Alfred L. Craille was awarded patent 576,395 on 2 February, for his “Ice Cream Mold and Disher.” The invention was an ice cream scoop with built-in scraper to allow one-handed operation. This functional design is reflected in modern day ice cream scoops.

February 1, 1970

The first celebration of Black History Month took place. Black History month was first proposed by black educators and the Black United Students at Kent State University in February 1969. The first celebration of Black History month took place a year later with many of the events taking place at the Black United Students first culture house (Kuumba House). Six years later, Black History Month was being celebrated all across the country.

January 26, 1954

Dr. Theodore K. Lawless, dermatologist, awarded the Springarn Medal for his research in skin-related diseases.

January 25, 1851

Sojourner Truth addresses the first Black Women's Rights Convention in Akron, Ohio.

January 24, 1865

Congress passes 13th Amendment which, on ratification, abolished slavery in America.

January 23, 1891

Dr. Daniel Hale Williams founds Provident Hospital in Chicago, one of the first schools of nursing for black students in the U. S.

January 22, 1949

James Robert Gladden becomes first African American certified in orthopedic surgery.

January 21, 1936

Former Congressman Barbara Jordan born.

January 20, 1977

Patricia Roberts Harris becomes U.S. Secretary of Housing and Urban Development, the first black woman to hold a Cabinet position.

January 19, 1969

UCLA renames its social science buildings to honor alumnus Ralph Bunche.

January 18, 1856

Dr. Daniel Hale Williams, pioneer heart surgeon, born.

January 17, 1942

Three-time heavyweight boxing champion Muhammad Ali born.

January 16, 1978

NASA names Black astronauts: Maj. Frederick D. Gregory, Maj. Guion S. Bluford, and Dr. Ronald McNair.

January 15, 1908

Alpha Kappa Alpha, first African American sorority, is founded at Howard University.

January 14, 1975

William T. Coleman named U.S. Secretary of Transportation.

January 13, 1913

Delta Sigma Theta Sorority Incorporated becomes the 2nd Black Greek Letter Organization.

January 13, 1990

L. Douglas Wilder becomes first African American U.S. governor (Virginia) since Reconstruction.

January 12, 1948

U.S. Supreme Court rules that African Americans have the right to study law at state institutions.

January 11, 1985

Reuben V. Anderson, first African American to be appointed to Mississippi Supreme Court.

January 10, 1864

George Washington Carver, agricultural scientist, born.

January 9, 1866

Fisk University is founded in Nashville.

January 8, 1811

Charles Deslondes leads slave revolt in Louisiana.

January 7, 1890

William B. Purvis patents fountain pen.

January 6, 1831

The World Anti-Slavery Convention opens in London.

January 5, 1943

George Washington Carver, agricultural scientist, died.

January 4, 1971

Congressional Black Caucus formed.

January 3, 1624

William Tucker was the first person of African ancestry born in the 13 British Colonies.

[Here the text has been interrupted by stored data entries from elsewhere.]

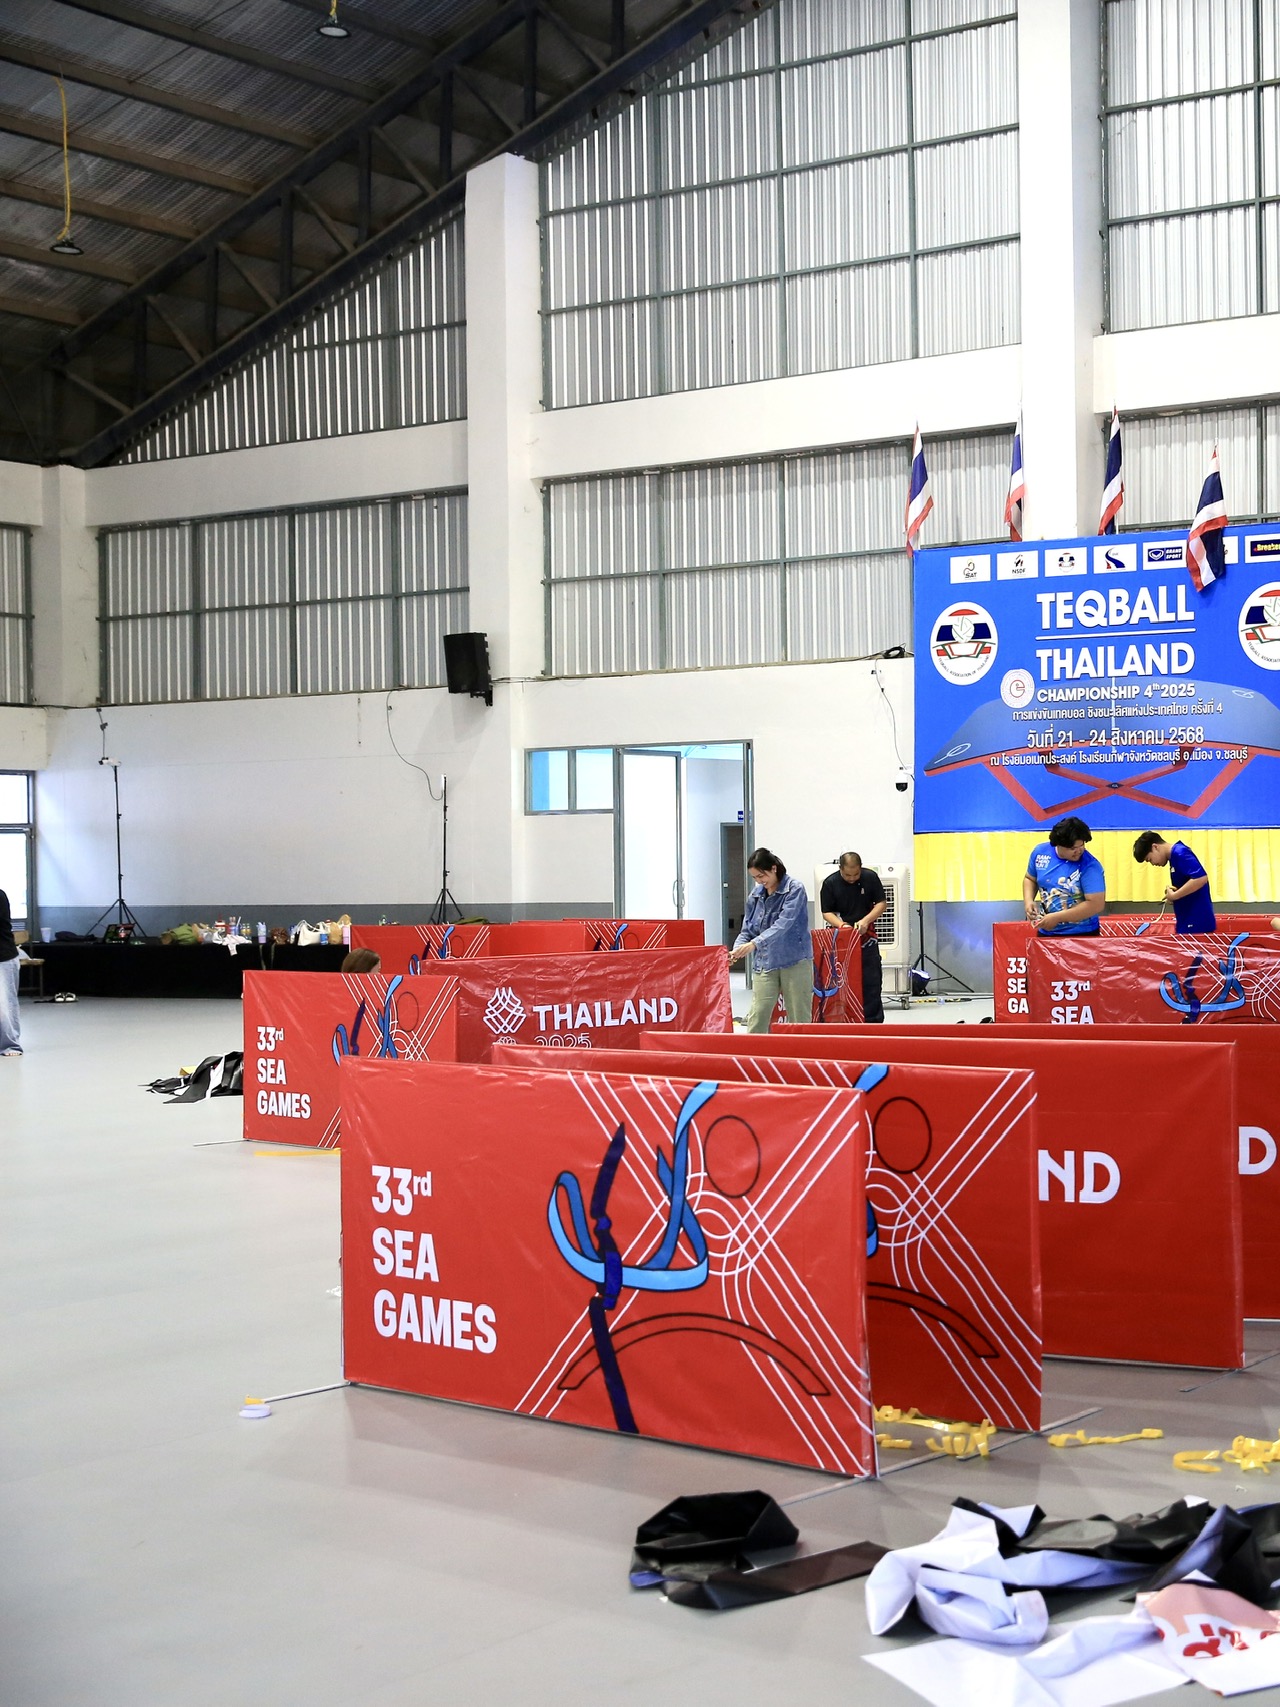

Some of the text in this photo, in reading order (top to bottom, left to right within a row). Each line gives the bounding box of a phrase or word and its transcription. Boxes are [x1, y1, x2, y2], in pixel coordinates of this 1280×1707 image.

[1036, 584, 1195, 630] TEQBALL
[1036, 642, 1195, 681] THAILAND
[1036, 685, 1140, 702] CHAMPIONSHIP
[1216, 702, 1223, 714] 4
[1027, 724, 1053, 749] วันที่
[1057, 730, 1073, 747] 21
[1089, 729, 1106, 747] 24
[1111, 727, 1165, 746] สิงหาคม
[1169, 726, 1204, 744] 2568
[990, 756, 999, 766] ณ
[1183, 747, 1213, 761] อ.เมือง
[1215, 746, 1248, 764] จ.ชลบุรี
[1050, 980, 1091, 1002] 33rd
[532, 996, 678, 1032] THAILAND
[1051, 1005, 1095, 1024] SEA
[257, 1026, 284, 1052] 33rd
[257, 1057, 287, 1085] SEA
[257, 1089, 311, 1119] GAMES
[371, 1165, 432, 1216] 33rd
[372, 1226, 440, 1283] SEA
[373, 1288, 498, 1355] GAMES
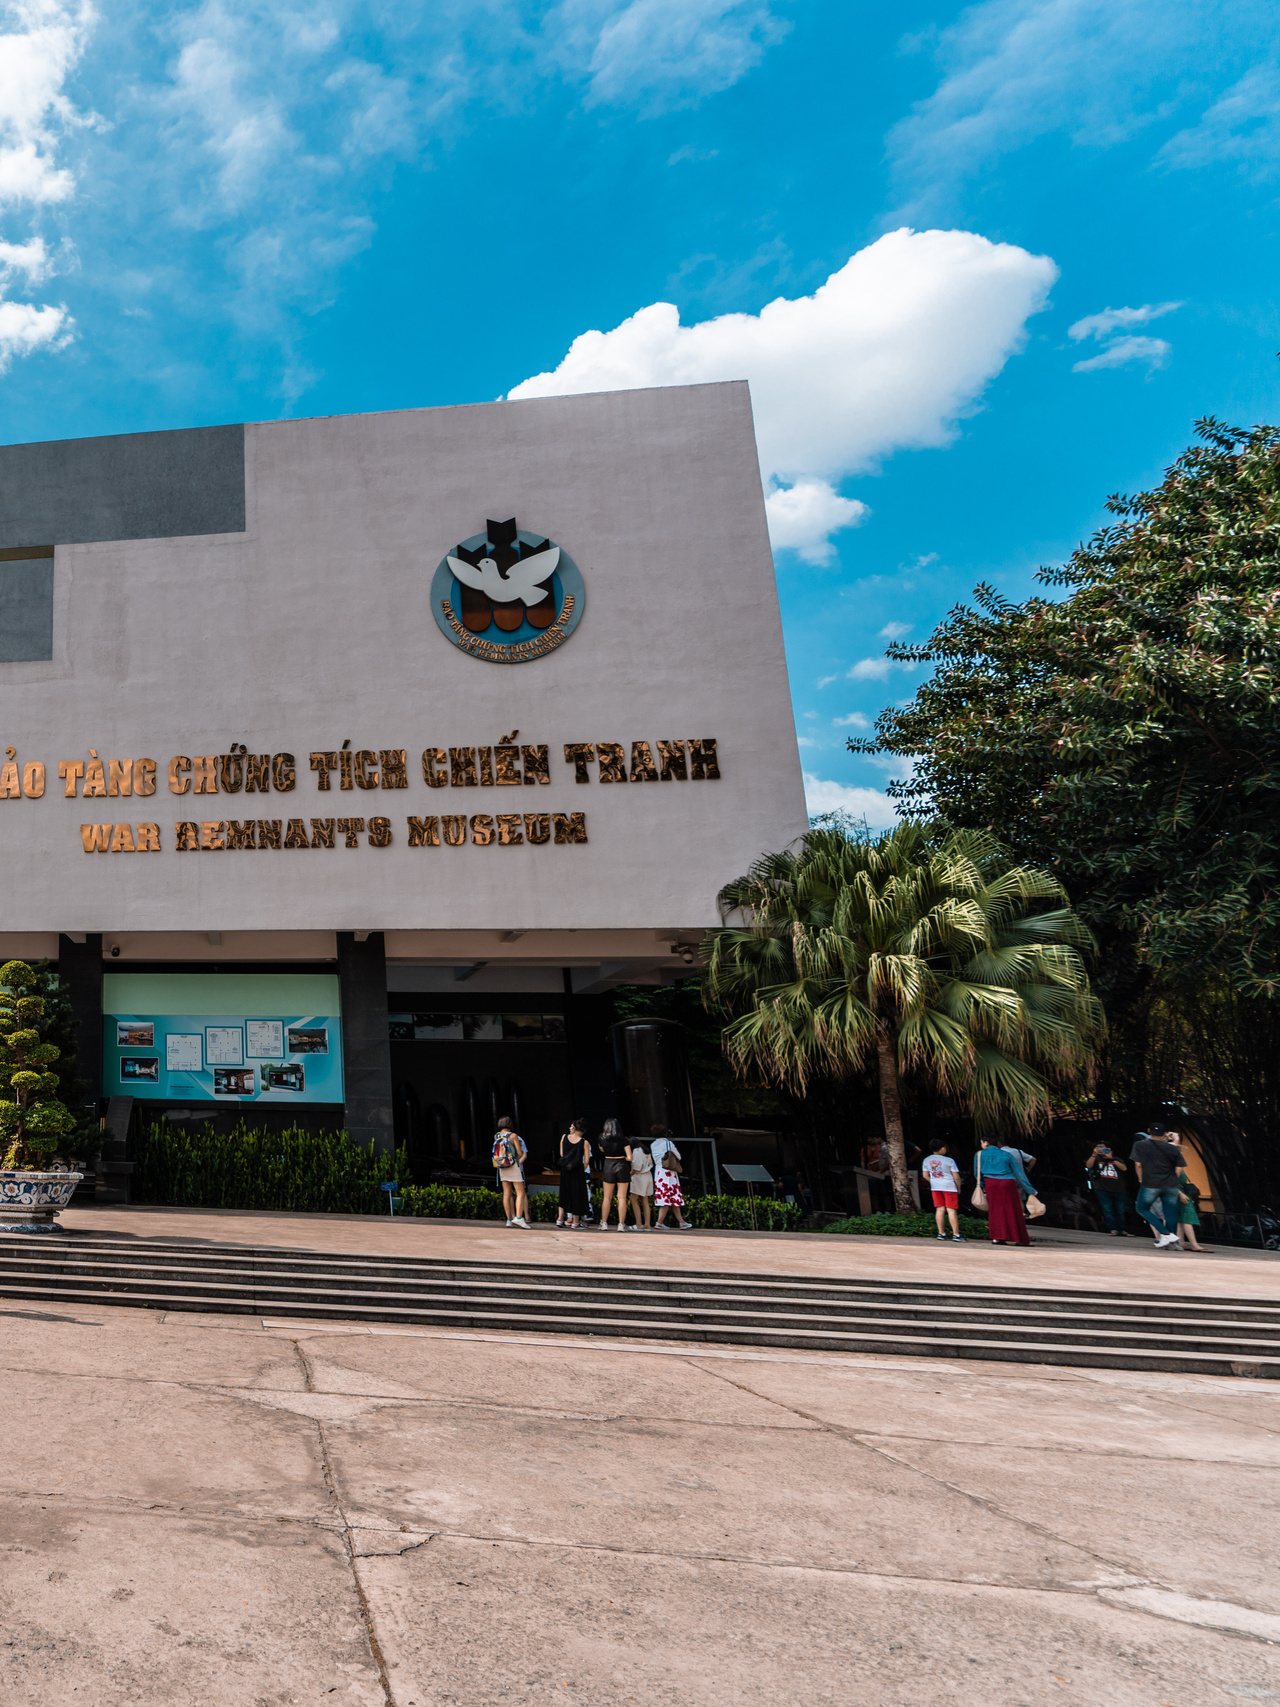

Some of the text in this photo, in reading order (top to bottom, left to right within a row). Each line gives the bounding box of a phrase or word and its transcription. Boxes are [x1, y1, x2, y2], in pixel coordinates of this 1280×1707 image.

[557, 595, 575, 626] TRANH
[458, 632, 567, 661] WAR REMNANTS MUSEUM
[58, 749, 157, 798] TÀNG
[168, 743, 296, 796] CHỨNG
[309, 739, 409, 791] TÍCH
[422, 729, 551, 788] CHIẾN
[563, 738, 721, 784] TRANH
[80, 812, 588, 853] WAR REMNANTS MUSEUM
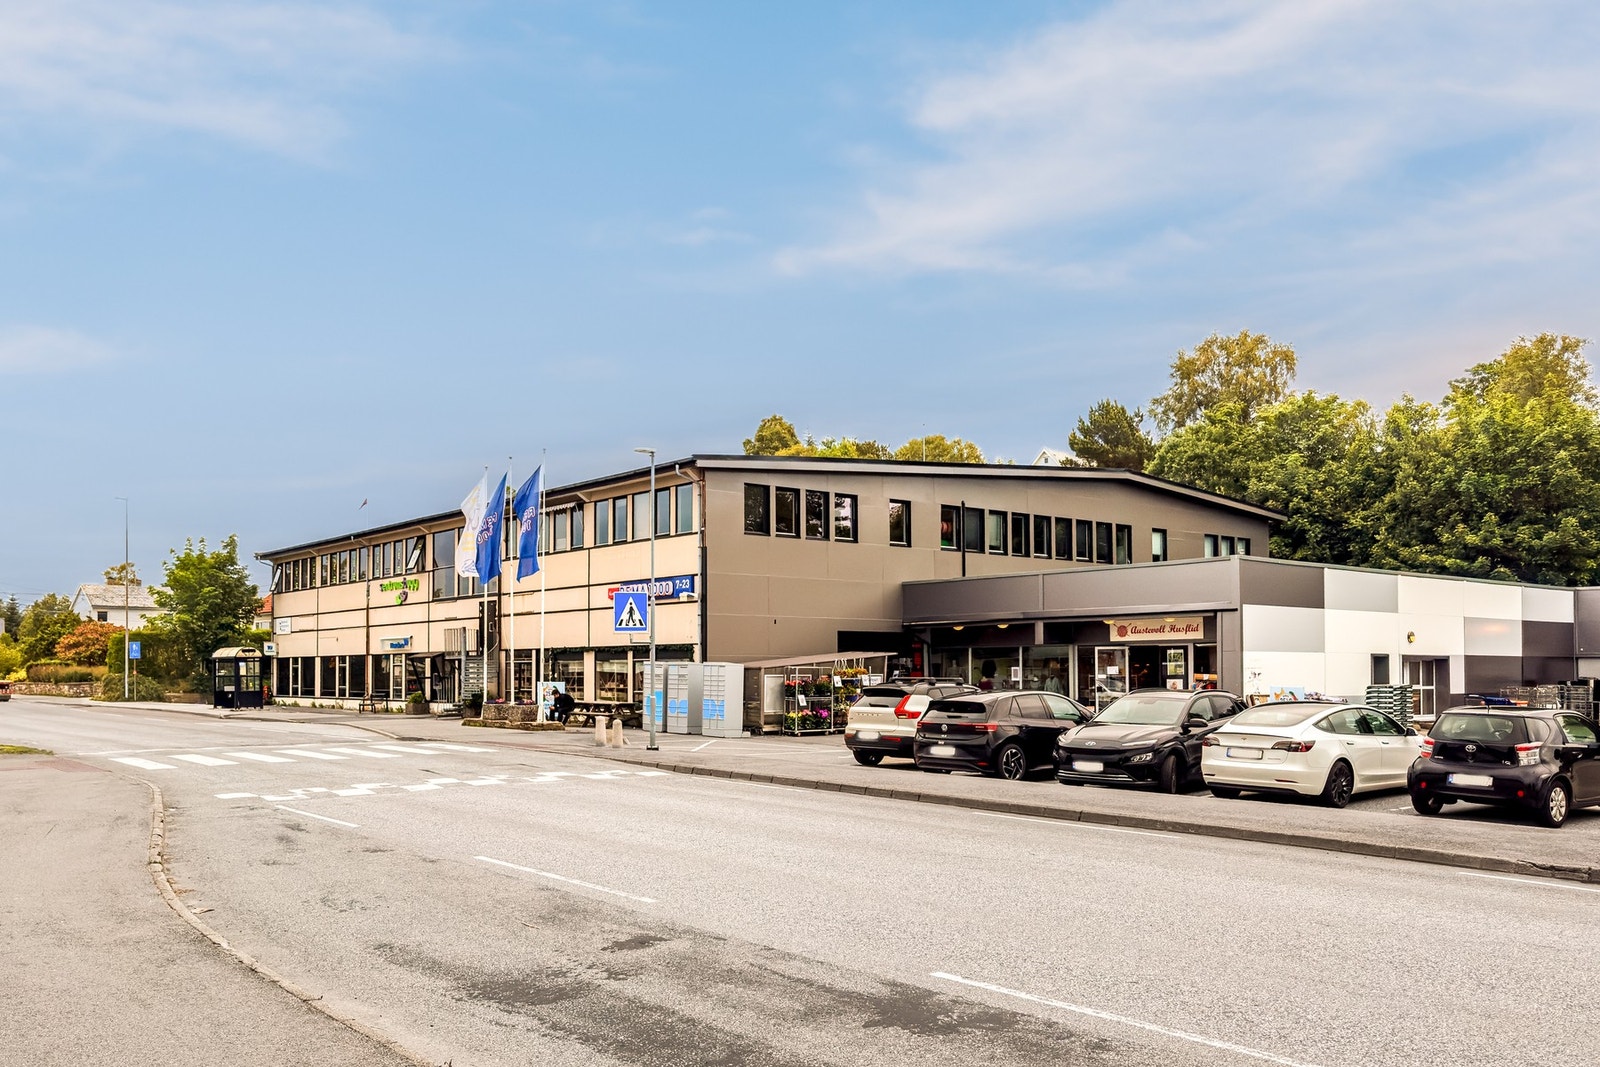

His birth symbolized the beginnings of a distinct African American identity along the eastern coast of what would eventually become the United States. William Tucker was born in 1624 near Jamestown, Virginia, the son of “Antoney and Isabell,” two African indentured servants.

January 2, 1965

Martin Luther King, Jr. calls for non-violent protests if Alabama Blacks are not allowed to register and vote.

January 1, 1863

President Abraham Lincoln issues Emancipation Proclamation.